Todd Anthony Combs (born January 27, 1971) is a former hedge fund manager and current investment manager at Berkshire Hathaway, who has been the chief executive officer (CEO) of GEICO since January 2020. Alongside Ted Weschler, he is frequently cited as a potential successor of Warren Buffett as the chief investment officer of Berkshire. In 2016 he was appointed board member of JPMorgan Chase.

Early life and education 
Todd Anthony Combs was born and raised in Sarasota, Florida attending Riverview High School. He is a 1993 graduate of Florida State University, with degrees in finance and multinational business operations. Combs later attended Columbia Business School in New York City, graduating in 2002.

Career 
After graduating college, Combs became a financial analyst for the State of Florida Banking, Securities and Finance Division. From 1996 to 2000 he was a pricing analyst at Progressive Insurance and from 2000 to 2002 he was an insurance analyst at Keefe, Bruyette & Woods. From 2003 until 2005, Combs worked at Copper Arch Capital, a hedge fund run by Scott M. Sipprelle.

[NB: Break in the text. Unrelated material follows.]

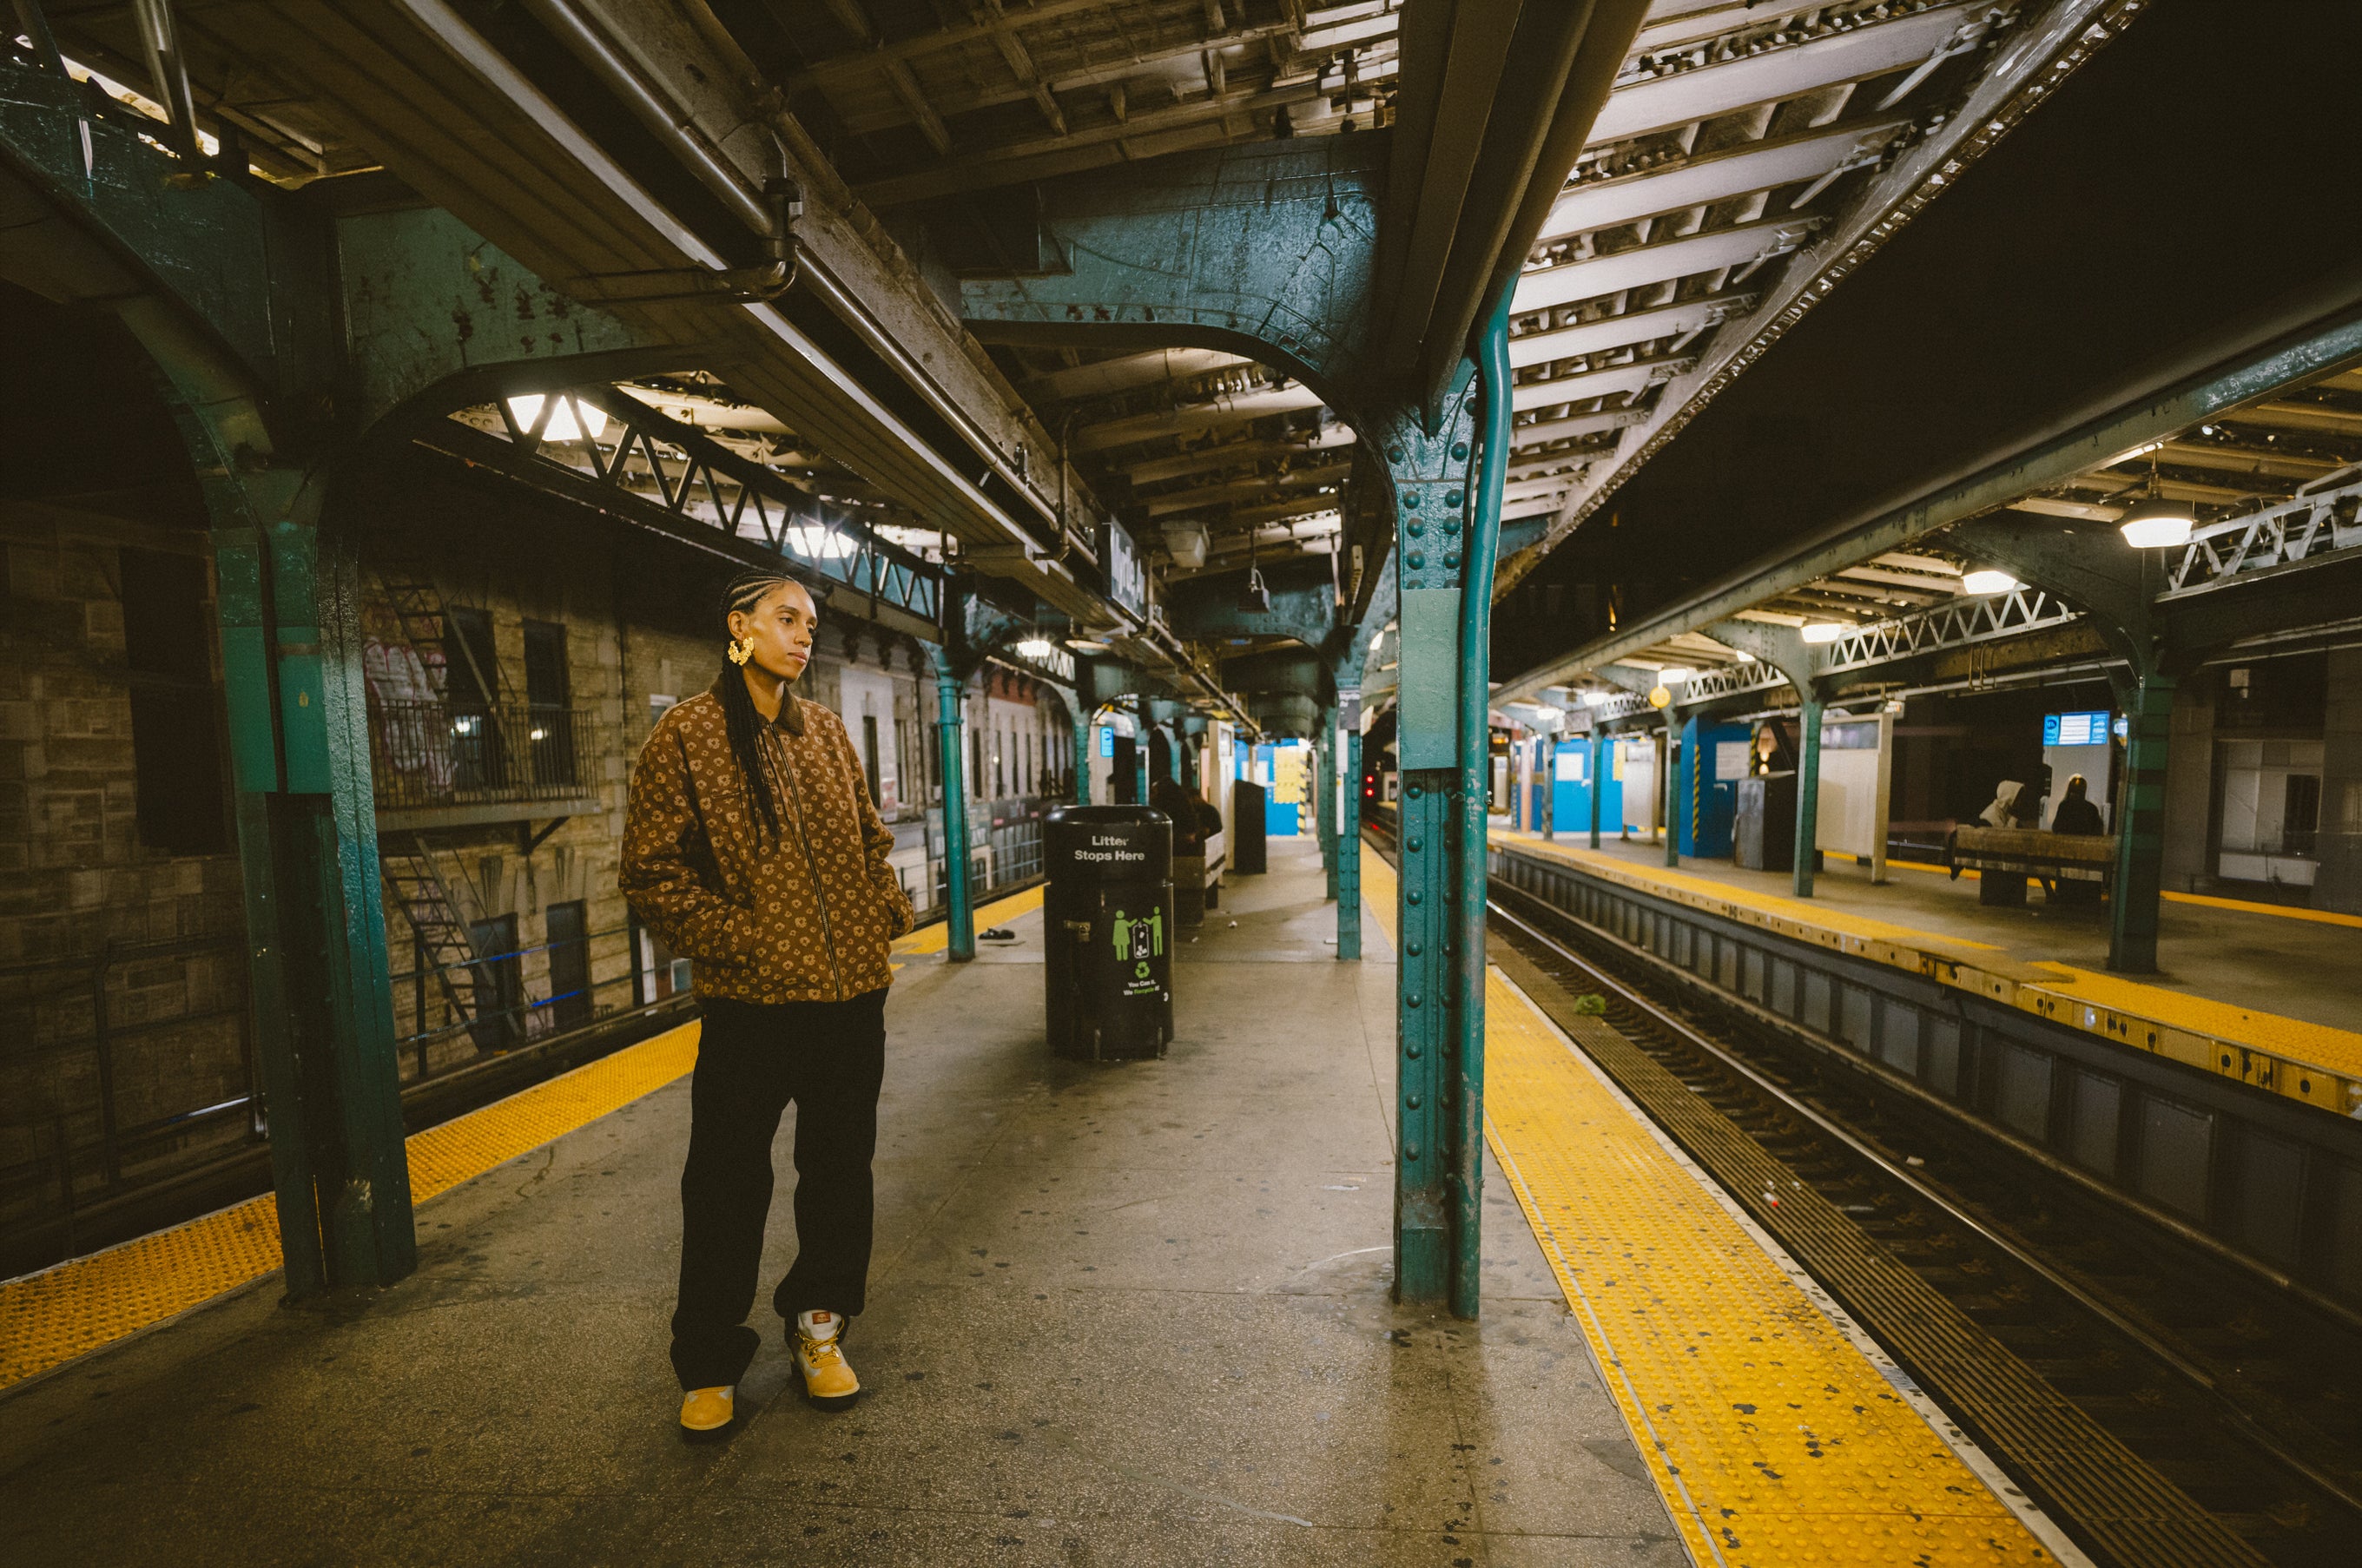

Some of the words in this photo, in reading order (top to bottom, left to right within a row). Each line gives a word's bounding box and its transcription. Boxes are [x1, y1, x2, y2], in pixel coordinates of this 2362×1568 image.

In 2005, with $35 million in seed money from Stone Point Capital, Combs formed Castle Point Capital. He served as Chief Executive Officer and Director of the Greenwich, Connecticut, based hedge fund until 2010, during which time the returns were a cumulative 34%, according to an investor. In October 2010, the Wall Street Journal reported that Buffett had tapped Combs to eventually replace him as the chief investment officer of Berkshire Hathaway.

In September 2016 Combs joined the board of U.S. bank JPMorgan Chase, an appointment that expanded Berkshire's ties in the financial services industry to the top three banks in America.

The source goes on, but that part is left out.